Communities expect firefighters to give, give, and give — because somewhere along the way it became normal to believe the job shouldn’t be paid.
Picture this: it’s 2:00 AM. You’ve worked your full-time job all day. You have a newborn at home and a spouse who’s exhausted and upset because you’ve barely been there. You’ve been asleep for what feels like five minutes when the tones drop. The radio wakes the whole house. Baby crying. Spouse frustrated. Your eyes burn, but you get up anyway.
You throw your clothes on and run out the door like it’s your own house on fire — because seconds matter. You drive your personal vehicle, on your own gas, eight minutes down the road to the station. You pull on your turnout gear, climb into the truck, and head toward the scene.
On the way, something sinks in your stomach — you’re the only one responding.
You ask dispatch to page it out again, just hoping for one more set of hands.
Silence.
Fifteen minutes later, you arrive to heavy smoke and fire showing from the front of the house. A woman stands in the yard — half-dressed, barefoot, frantic — because her husband of 40 years never made it out after going back in for the family pet.
You’re one person.
You call for mutual aid. The nearest department is 20–25 minutes away on a good night, and even then you might only get two more people — people who care deeply, but whose bodies just can’t keep up anymore.
Now you’re alone — running the pump, checking for hazards, stretching lines, and trying everything in you to fight a house fire by yourself. You’re carrying 85 pounds of gear, an SCBA, tools, and a charged hose line across the yard. You try to push inside, but the heat is overwhelming. You need another line. You need backup.
You don’t have either.
The truth is, the closest help might still be 25 minutes away — if it’s coming.
You want to go inside more than anything — to reach the husband, the father, the papaw, a man who is everything to his family — but you can’t.
You’re there for hours — fatigued, mentally broken — beating yourself up for not being able to get there quicker. You ask yourself if you could’ve done something different to change the outcome. But there’s no time for that. It’s 7 AM, and you have to be at your full-time job at 8.
This is the reality people don’t see when they say firefighters shouldn’t be paid — when they forget that behind the sirens are human beings with families, fatigue, fear, and hearts that keep showing up anyway.
Volunteer firefighting is a calling that is quickly diminishing not only across Eastern Kentucky, but across the United States as a whole.

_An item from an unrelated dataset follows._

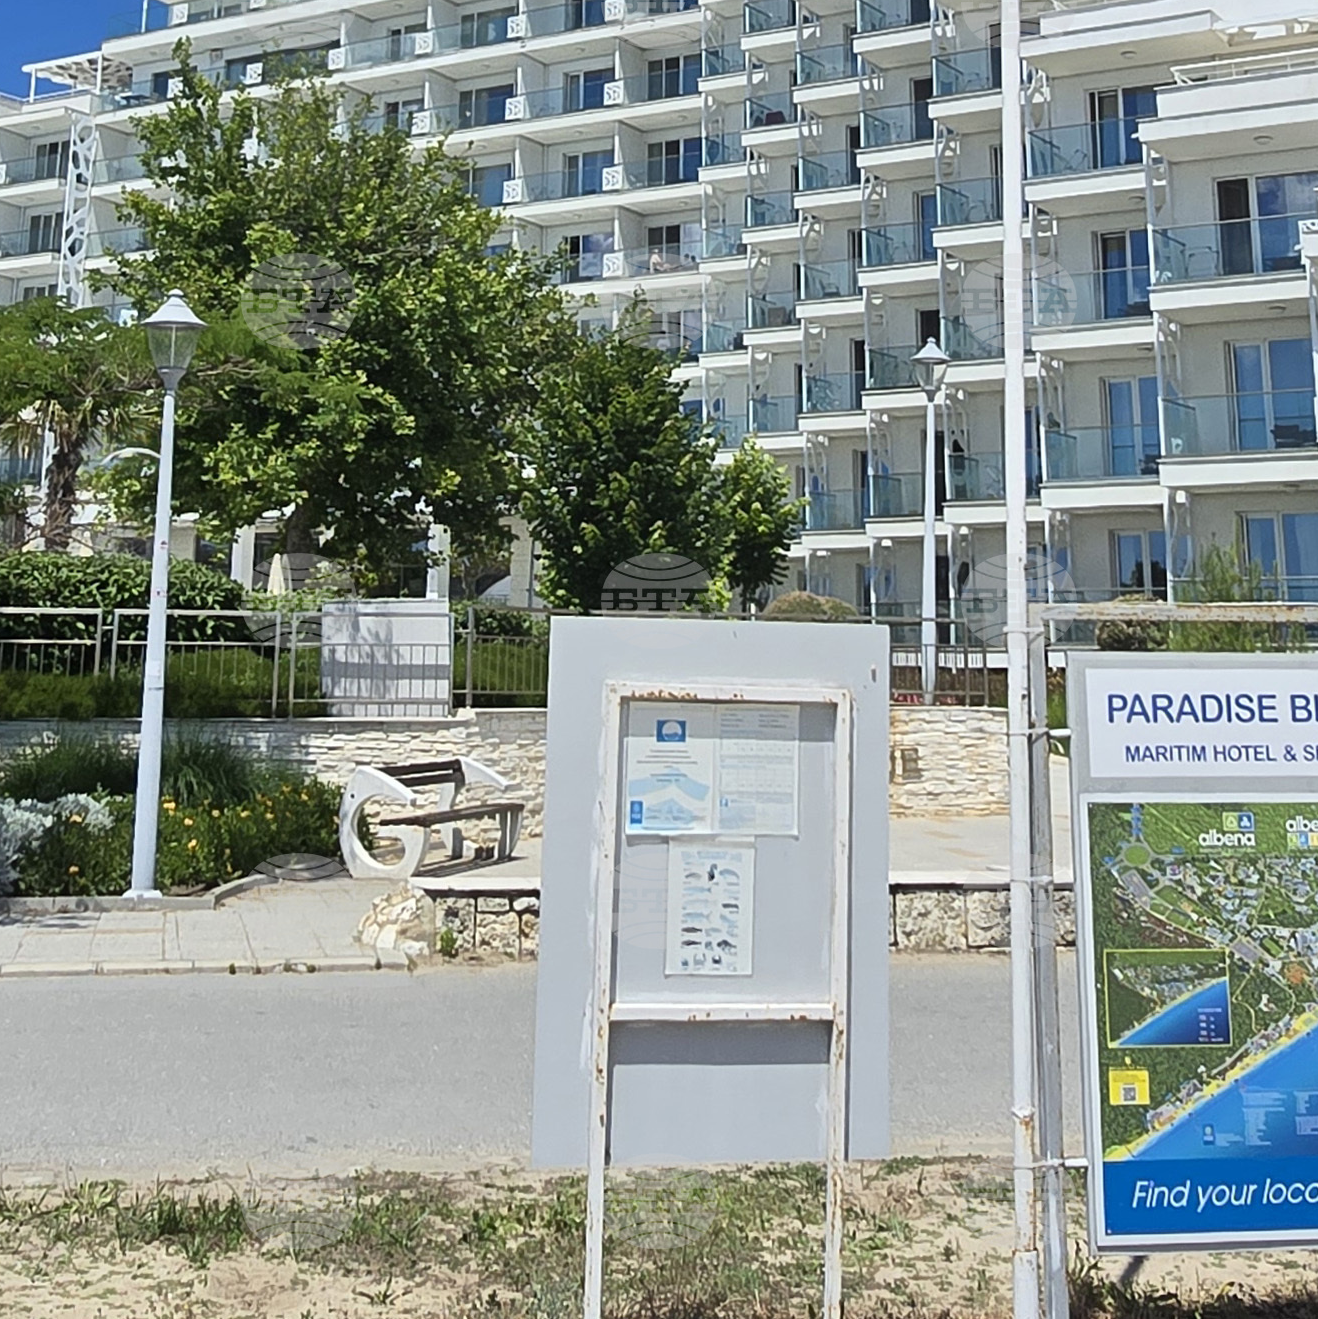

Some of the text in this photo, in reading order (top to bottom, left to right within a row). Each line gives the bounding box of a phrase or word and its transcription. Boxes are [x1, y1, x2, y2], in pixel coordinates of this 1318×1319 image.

The men and women in your communities give their whole lives to serve and expect nothing in return.
Support your local fire departments. If your community is fortunate enough to have a paid and fully staffed department, you are blessed with firefighters and rescue personnel who can respond immediately — rested, trained, and ready around the clock. Paid staffing means faster response times, more firefighters arriving together, quicker and more efficient rescues, and better protection for both citizens and firefighters. Advocate for funding, training, and adequate staffing so departments can put enough boots on the ground when seconds matter. Thank them while they’re still here to hear it, and teach your children that service matters — and that the people who run toward danger deserve real support, not just words.
Because without community support, there will come a night when no one is left to answer them tones.